# Which one is a better buy?



## 2sondude (Jun 9, 2015)

BINKS 98-1261 vs GRACO ULTRA PLUS 1000 AIRLESS 
Both are used and will NOT be used commercially from this point forward.
Let's say for arguement's sake that both need a typical repair. Which would be better in terms of cost, parts availablitiy, over-all future reliability? Which is easier to clean? I've used the Graco type at work, but know that Binks is a respected brand (I still have a model 7 and an 80 from my car resto days). Also, does anyone know if the compressor on the Binks 98-1261 will double as a stand alone or work with a Gravity fed cup/gun setup?
Thanks


----------



## ReNt A PaInTeR (Dec 28, 2008)

Go Graco


----------



## 2sondude (Jun 9, 2015)

Thanks Rent A Painter. Can you elaborate?


----------



## Boco (May 18, 2013)

What are you using sprayers for? The Binks is an HVLP for doors and fine finishes. The Graco is more for spraying large interiors and commercial exteriors. To run a gravity fed all you really need is a good compressor and a regulator.


----------



## 2sondude (Jun 9, 2015)

I'm retired, but working on my fixer house, selling it, buying another, and repeating is my new fulltime job. With my auto restoration days behind me, what I'm looking for in a sprayer is something I can use for doors, walls, fences, cabinets and finishes - interior and exterior. The more I look into this, the more I see the limitations of the Binks for my needs. I already have a nice compressor (2 actually) and if I need a finer spray, I can always buy different tips. right? I'm leaning towards the Graco even though the Binks is sweet.


----------



## 2sondude (Jun 9, 2015)

BTW guys, thanks for puttin' up with me here. I know this is a PRO forum, but it was you the PROs from whom I wanted to hear.


----------



## BPC (Jan 1, 2015)

Go with a AAA graco setup then you have both options


----------



## 2sondude (Jun 9, 2015)

That would be the ticket if I had the funds. The 2 sprayers in question for this thread are selling for under $500. I wonder if an AAA gun will work with a separate compressor hooked up alongside.


----------



## CApainter (Jun 29, 2007)

2sondude said:


> That would be the ticket if I had the funds. The 2 sprayers in question for this thread are selling for under $500. I wonder if an AAA gun will work with a separate compressor hooked up alongside.

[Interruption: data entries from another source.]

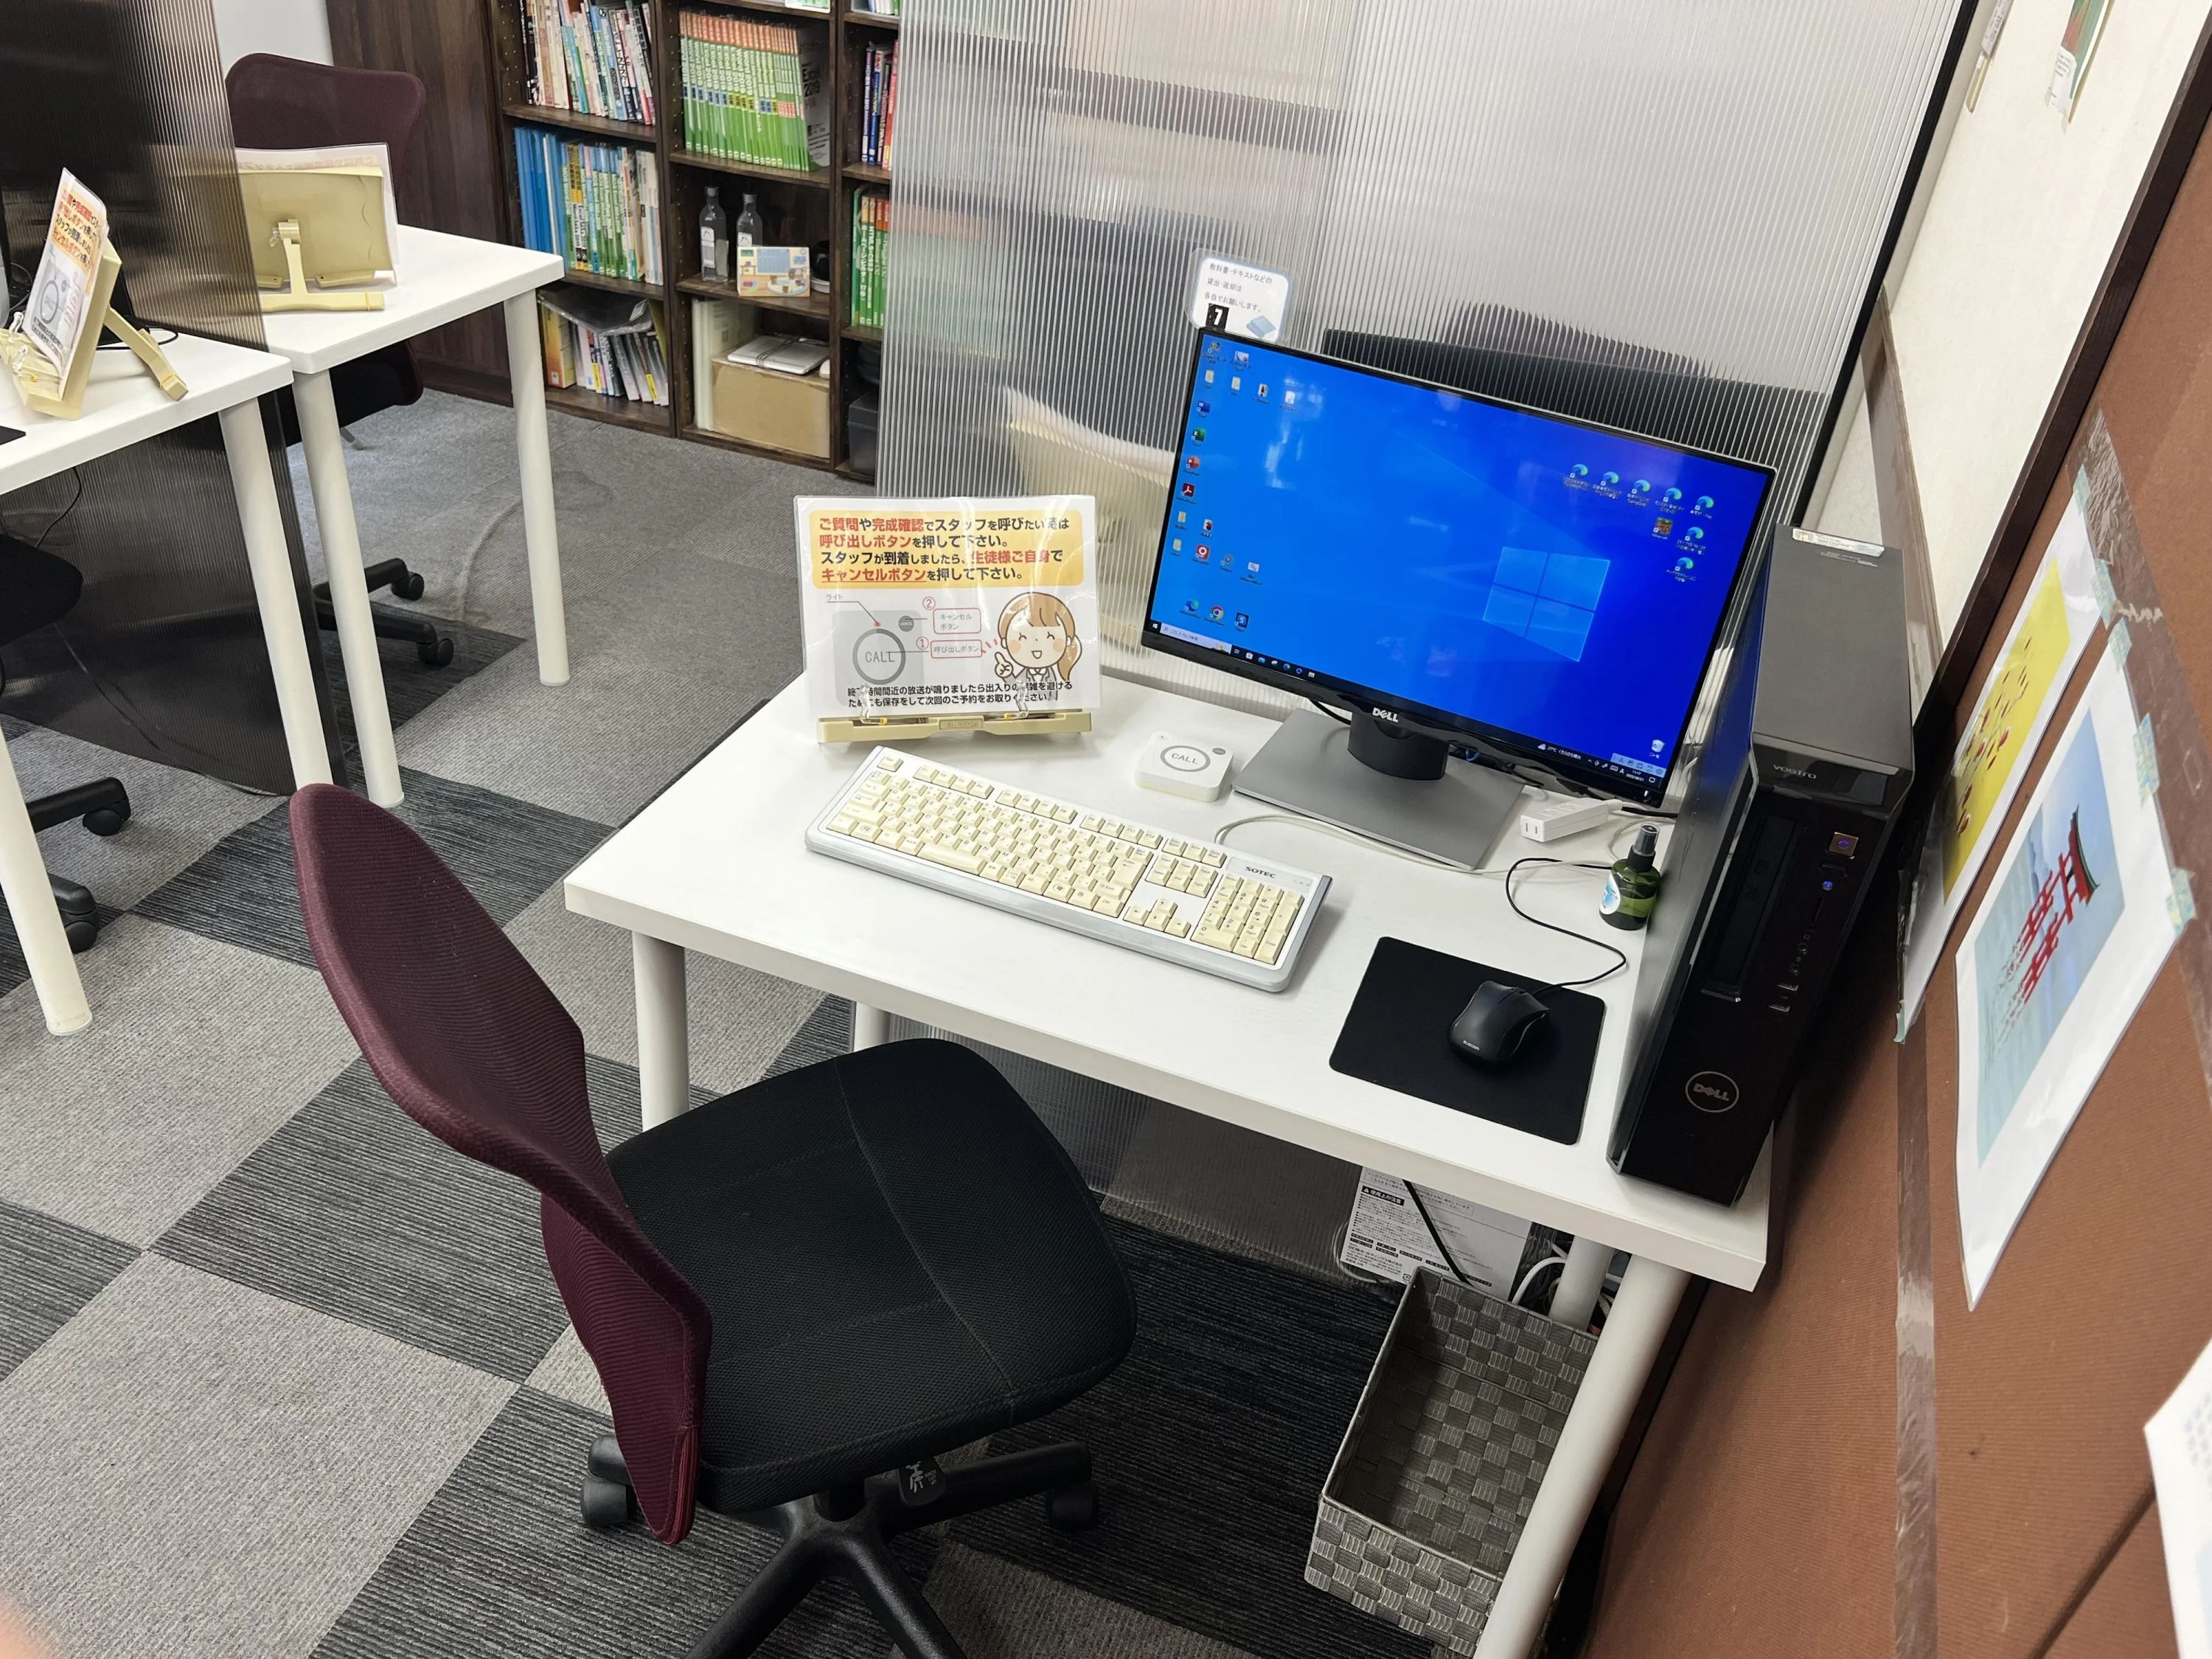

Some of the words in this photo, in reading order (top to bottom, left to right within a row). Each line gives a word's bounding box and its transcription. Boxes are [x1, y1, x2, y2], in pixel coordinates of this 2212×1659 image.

[820, 534, 1008, 549] 呼び出しボタンを押して下さい。
[821, 549, 1062, 565] スタッフが到着しましたら、生徒様ご自身で
[821, 567, 1023, 582] キャンセルボタンを押して下さい。
[933, 645, 979, 653] 呼び出しボタン
[865, 651, 895, 663] CALL
[848, 681, 1073, 697] 終間間近の放送が鳴りましたら出入りの雑を避ける
[1372, 707, 1399, 723] DELL
[1171, 753, 1198, 764] CALL
[1246, 866, 1277, 879] SOTEC
[1693, 1083, 1730, 1101] DELL
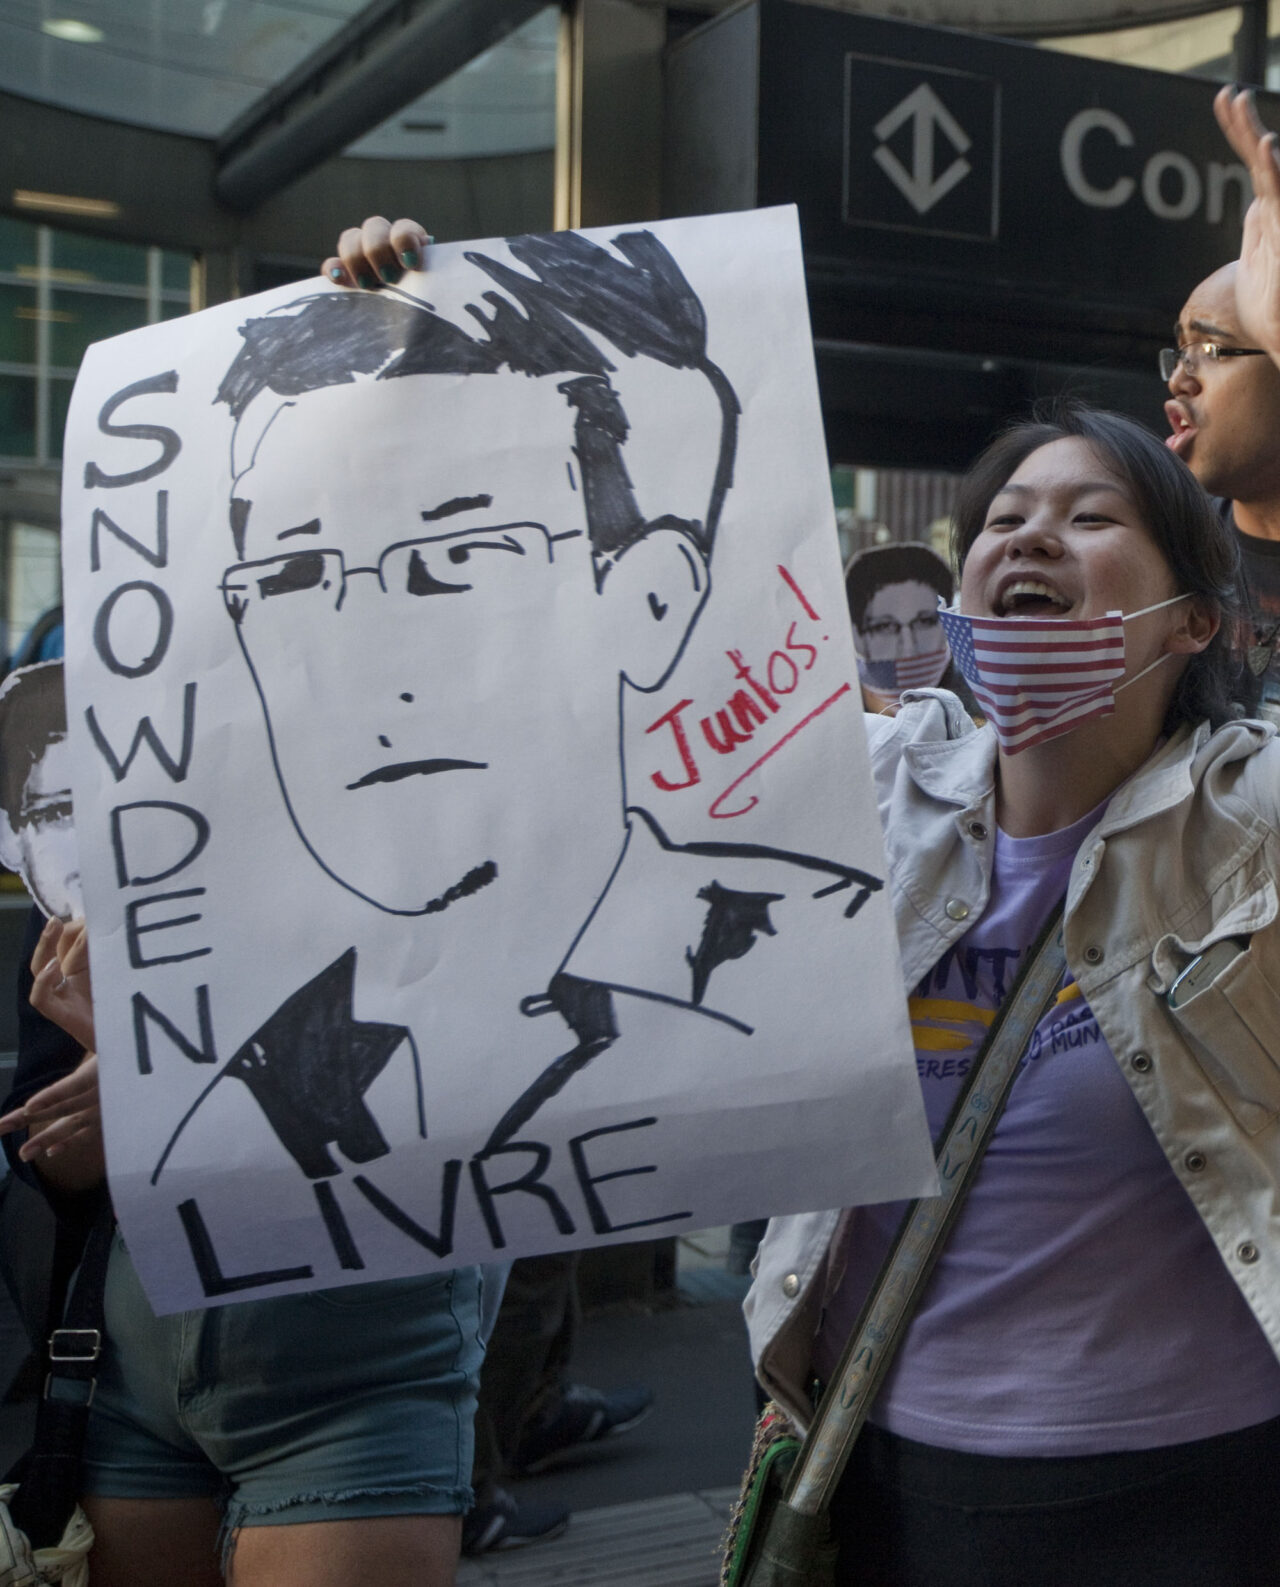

As an automotive restorer, I'm sure you're proficient at conventional spray systems. But for spraying home interiors, I would recommend the Graco, because parts and support are going to be more accessible in my opinion. 

Have fun!


----------



## CApainter (Jun 29, 2007)

2sondude said:


> That would be the ticket if I had the funds. The 2 sprayers in question for this thread are selling for under $500. I wonder if an AAA gun will work with a separate compressor hooked up alongside.


In my opinion, don't waste your money on a Graco AAA. Especially if you're used to conventional spray systems. It doesn't have the control functions like conventional gun does.


----------



## sd021 (Jun 8, 2015)

I've used the Graco before and I would highly recommend it. Great piece of kit


----------



## 2sondude (Jun 9, 2015)

I bid $210.00 on and won a used GRACO ULTRA PLUS 1000 ELECTRONIC - complete - at an auction Monday.
I go to pick it up tomorrow near DC. 
Thanks to everyone for their input in helping me make my decision.
If you guys are okay with me posting here, I'll probably have an update soon.


----------



## Boco (May 18, 2013)

2sondude said:


> I bid $210.00 on and won a used GRACO ULTRA PLUS 1000 ELECTRONIC - complete - at an auction Monday.
> I go to pick it up tomorrow near DC.
> Thanks to everyone for their input in helping me make my decision.
> If you guys are okay with me posting here, I'll probably have an update soon.


 That's a great deal. Those pumps go for 4k new. You may want to have it serviced before using. Get a new hose a gun with FF tips and you can spray just about anything.


----------



## 2sondude (Jun 9, 2015)

Thanks, Boco. I will. Some information I've read says that I might run into problems with a shorter hose due to the pump's internal settings. While I know from experience the benefits of being able to run the longer hoses into or around the house while keeping the machine outside where the mess mixing and purging can be better dealt with, I don't anticipate needing 75 or 100 feet just right now. Will I have a problem? If not, then I can always add or buy another hose later, right?


----------



## 2sondude (Jun 9, 2015)

Also: 
Hoses - Do I need to buy GRACO specific hoses and guns or can you recommend a better aftermarket brand.
- Is 25' too short.
Whip hose length - 3' or 6' or does it matter?


----------



## PRC (Aug 28, 2014)

2sondude said:


> Also:
> Hoses - Do I need to buy GRACO specific hoses and guns or can you recommend a better aftermarket brand.
> - Is 25' too short.
> Whip hose length - 3' or 6' or does it matter?


Get the graco hoses and whip. I have 6' whips on my rigs but have used 3' in the past, both are fine. At least 50' of hose, 100-200' is better for anything exterior.


----------



## 2sondude (Jun 9, 2015)

I picked my machine up yesterday and am in the orocess of cleaning it up a bit. (It doesn't need much.) It was auctioned off ny a school district near DC and is only a couple of years old according to the dude that brought it to my truck. She runs and pumps clear water from my bucket - a good start, eh? Too bad the actual spray tip is missing off the new looking GRACO Contractor series gun, but it has a 3' whip and a 50' hose. 
I'm very happy!


----------